» **Aim of the task**
Output exactly the lines from the one with "this 1600×1066 image." to the close of the records below, first and last included.
═════ Raw data ═════
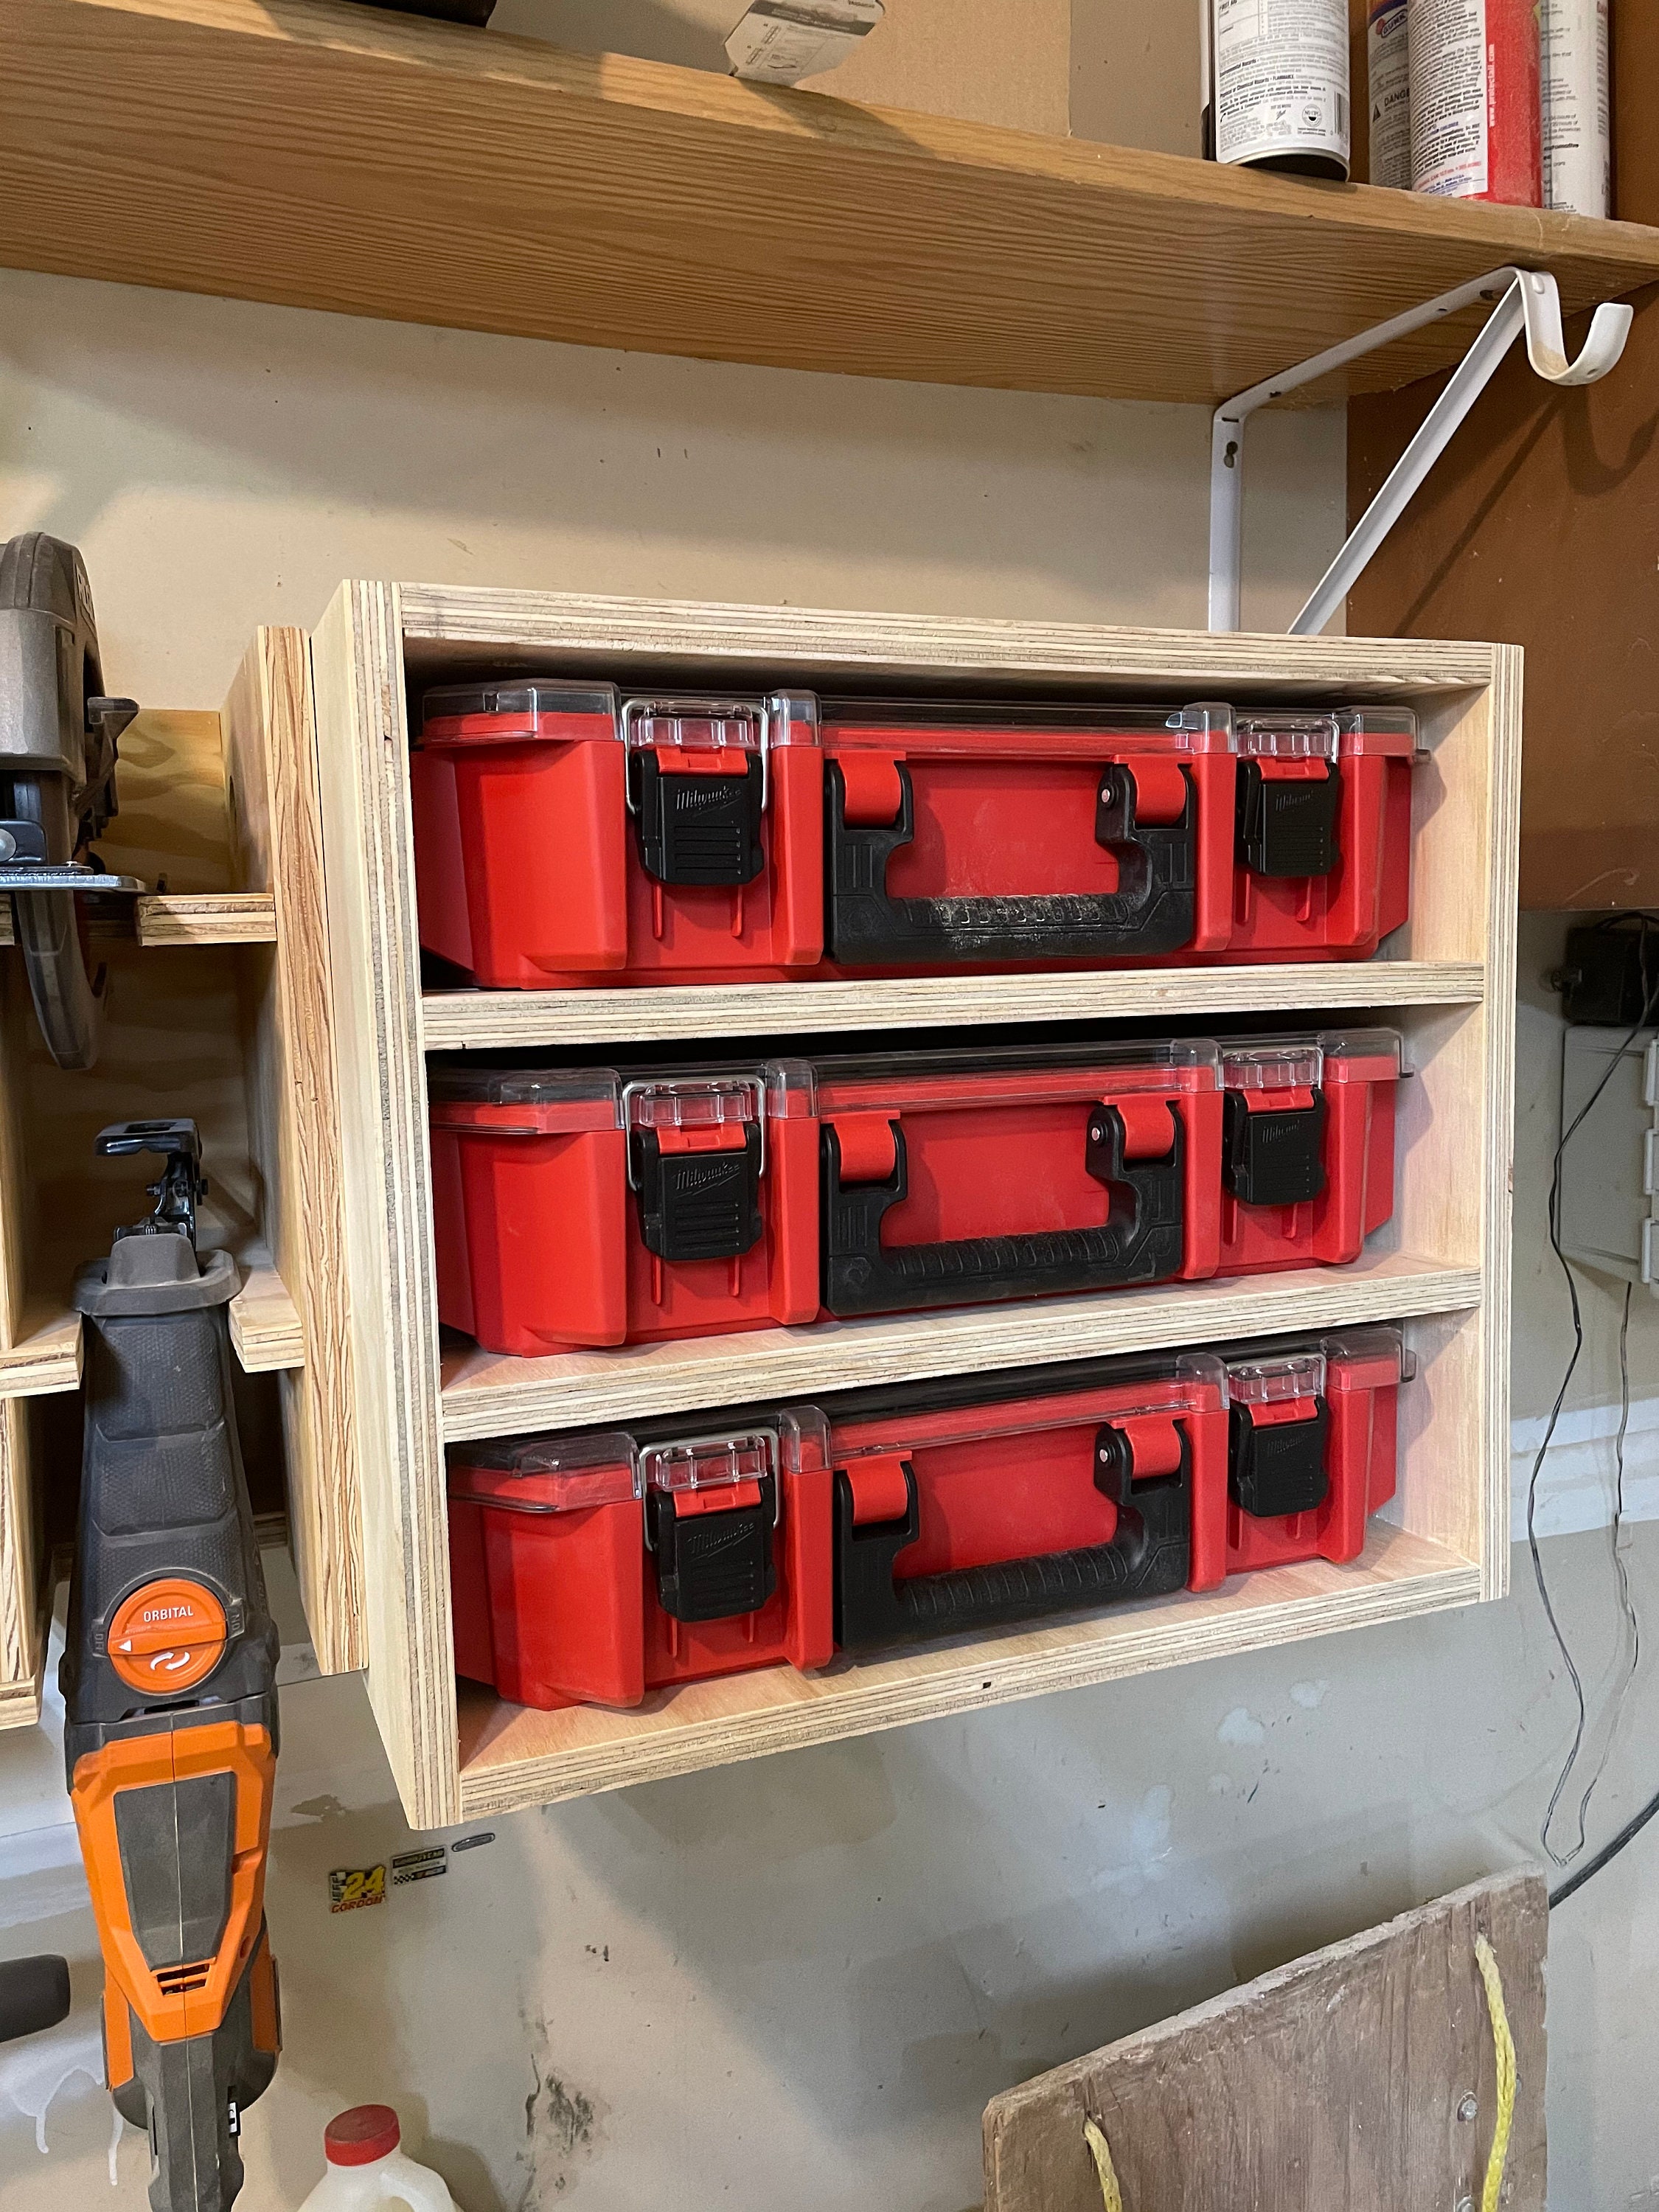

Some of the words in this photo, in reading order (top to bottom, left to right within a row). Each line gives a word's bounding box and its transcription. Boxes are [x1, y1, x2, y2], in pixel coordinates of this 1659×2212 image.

[1384, 88, 1410, 107] DANGE
[675, 785, 742, 810] Milwaukee
[672, 1161, 740, 1190] Milwaukee
[142, 1605, 194, 1623] ORBITAL
[343, 1865, 385, 1902] 24
[331, 1896, 383, 1913] GORDON
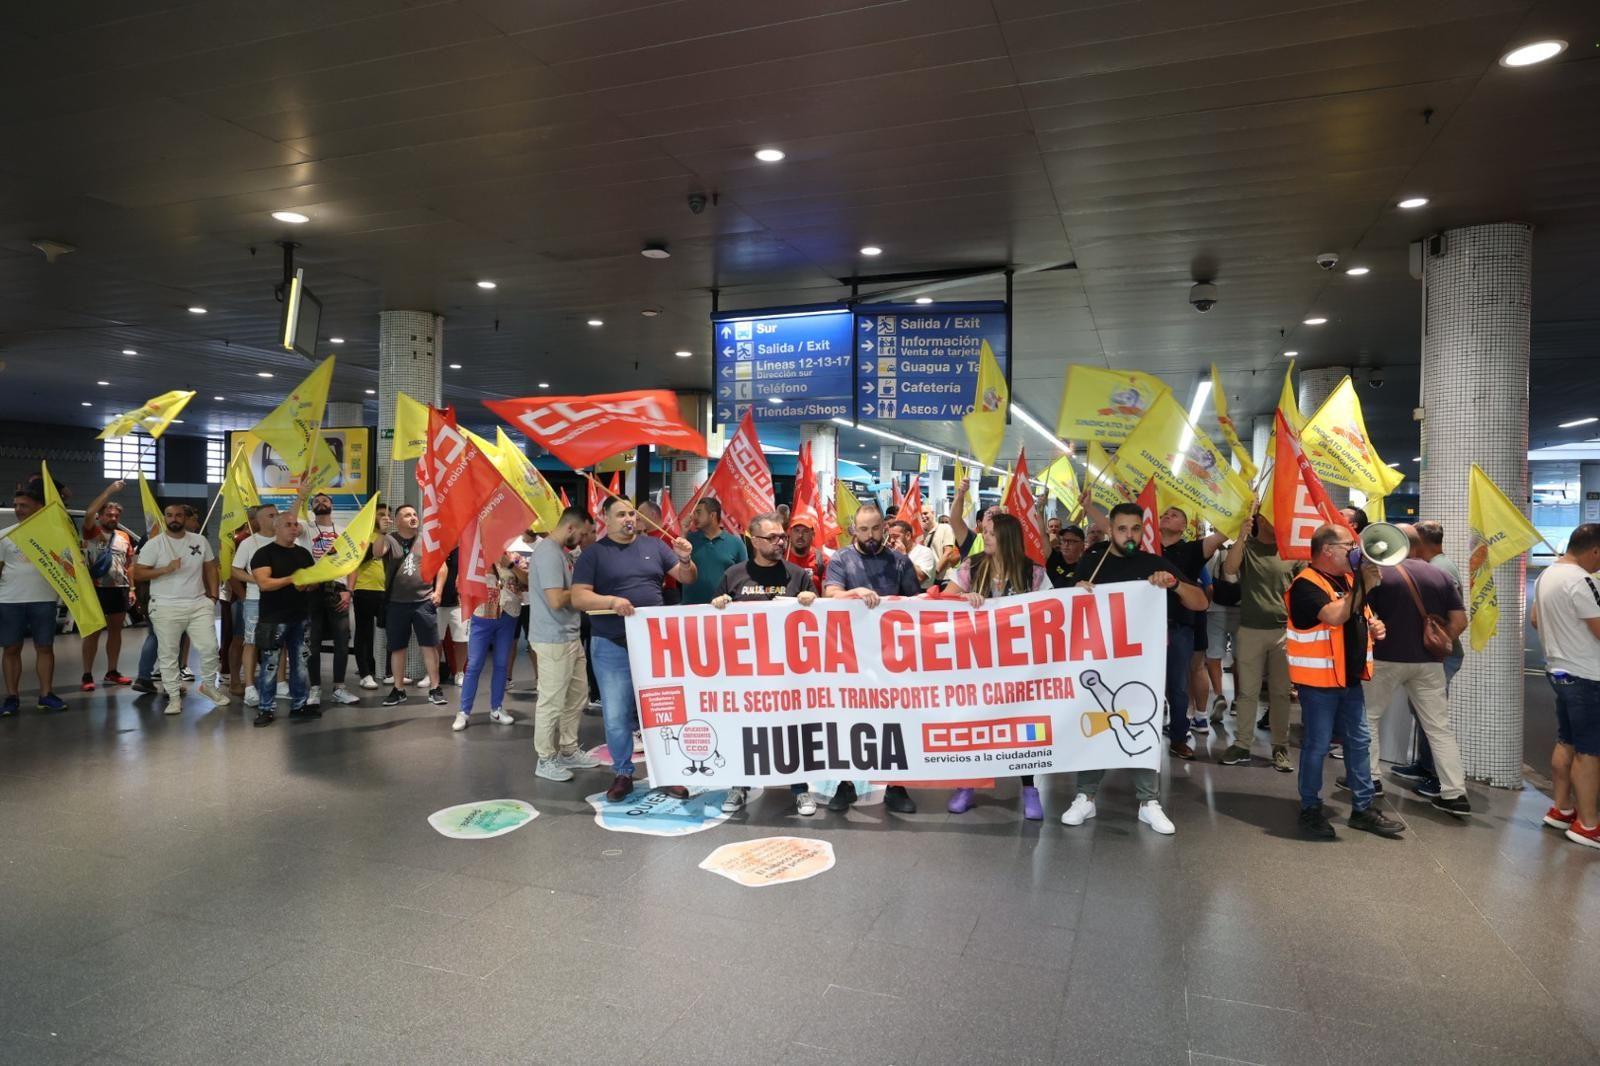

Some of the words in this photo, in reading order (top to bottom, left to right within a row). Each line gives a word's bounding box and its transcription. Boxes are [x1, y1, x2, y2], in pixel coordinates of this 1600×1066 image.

[757, 323, 777, 334] Sur
[901, 318, 940, 329] Salida
[944, 317, 951, 329] /
[954, 317, 980, 329] Exit
[758, 342, 794, 354] Salida
[797, 341, 803, 352] /
[807, 339, 830, 351] Exit
[901, 335, 979, 347] Información
[901, 348, 928, 356] Venta
[931, 347, 944, 356] de
[800, 355, 850, 369] 12-13-17
[901, 361, 950, 374] Guagua
[955, 363, 963, 374] y
[757, 369, 797, 379] Dirección
[757, 382, 808, 394] Teléfono
[756, 404, 847, 417] Tiendas/Shops
[941, 404, 947, 415] /
[1139, 450, 1185, 485] SINDICATO
[1184, 483, 1233, 518] UNIFICADO
[28, 537, 62, 577] SINDICATO
[46, 568, 77, 603] GUAGUAS
[647, 609, 859, 678] HUELGA
[881, 592, 1143, 672] GENERAL
[700, 691, 718, 713] EN
[723, 691, 740, 713] EL
[744, 689, 801, 712] SECTOR
[806, 687, 834, 709] DEL
[839, 685, 940, 709] TRANSPORTE
[945, 683, 977, 707] POR
[982, 676, 1075, 705] CARRETERA
[928, 724, 1011, 747] CCOO
[742, 722, 909, 776] HUELGA
[924, 753, 971, 764] servicios
[983, 753, 993, 761] la
[995, 749, 1052, 761] ciudadanía
[1008, 760, 1053, 771] canarias
═════
» **Output of the exercise**
Some of the words in this photo, in reading order (top to bottom, left to right within a row). Each line gives a word's bounding box and its transcription. Boxes are [x1, y1, x2, y2], in pixel coordinates of this 1600×1066 image.

[757, 323, 777, 334] Sur
[901, 318, 940, 329] Salida
[944, 317, 951, 329] /
[954, 317, 980, 329] Exit
[758, 342, 794, 354] Salida
[797, 341, 803, 352] /
[807, 339, 830, 351] Exit
[901, 335, 979, 347] Información
[901, 348, 928, 356] Venta
[931, 347, 944, 356] de
[800, 355, 850, 369] 12-13-17
[901, 361, 950, 374] Guagua
[955, 363, 963, 374] y
[757, 369, 797, 379] Dirección
[757, 382, 808, 394] Teléfono
[756, 404, 847, 417] Tiendas/Shops
[941, 404, 947, 415] /
[1139, 450, 1185, 485] SINDICATO
[1184, 483, 1233, 518] UNIFICADO
[28, 537, 62, 577] SINDICATO
[46, 568, 77, 603] GUAGUAS
[647, 609, 859, 678] HUELGA
[881, 592, 1143, 672] GENERAL
[700, 691, 718, 713] EN
[723, 691, 740, 713] EL
[744, 689, 801, 712] SECTOR
[806, 687, 834, 709] DEL
[839, 685, 940, 709] TRANSPORTE
[945, 683, 977, 707] POR
[982, 676, 1075, 705] CARRETERA
[928, 724, 1011, 747] CCOO
[742, 722, 909, 776] HUELGA
[924, 753, 971, 764] servicios
[983, 753, 993, 761] la
[995, 749, 1052, 761] ciudadanía
[1008, 760, 1053, 771] canarias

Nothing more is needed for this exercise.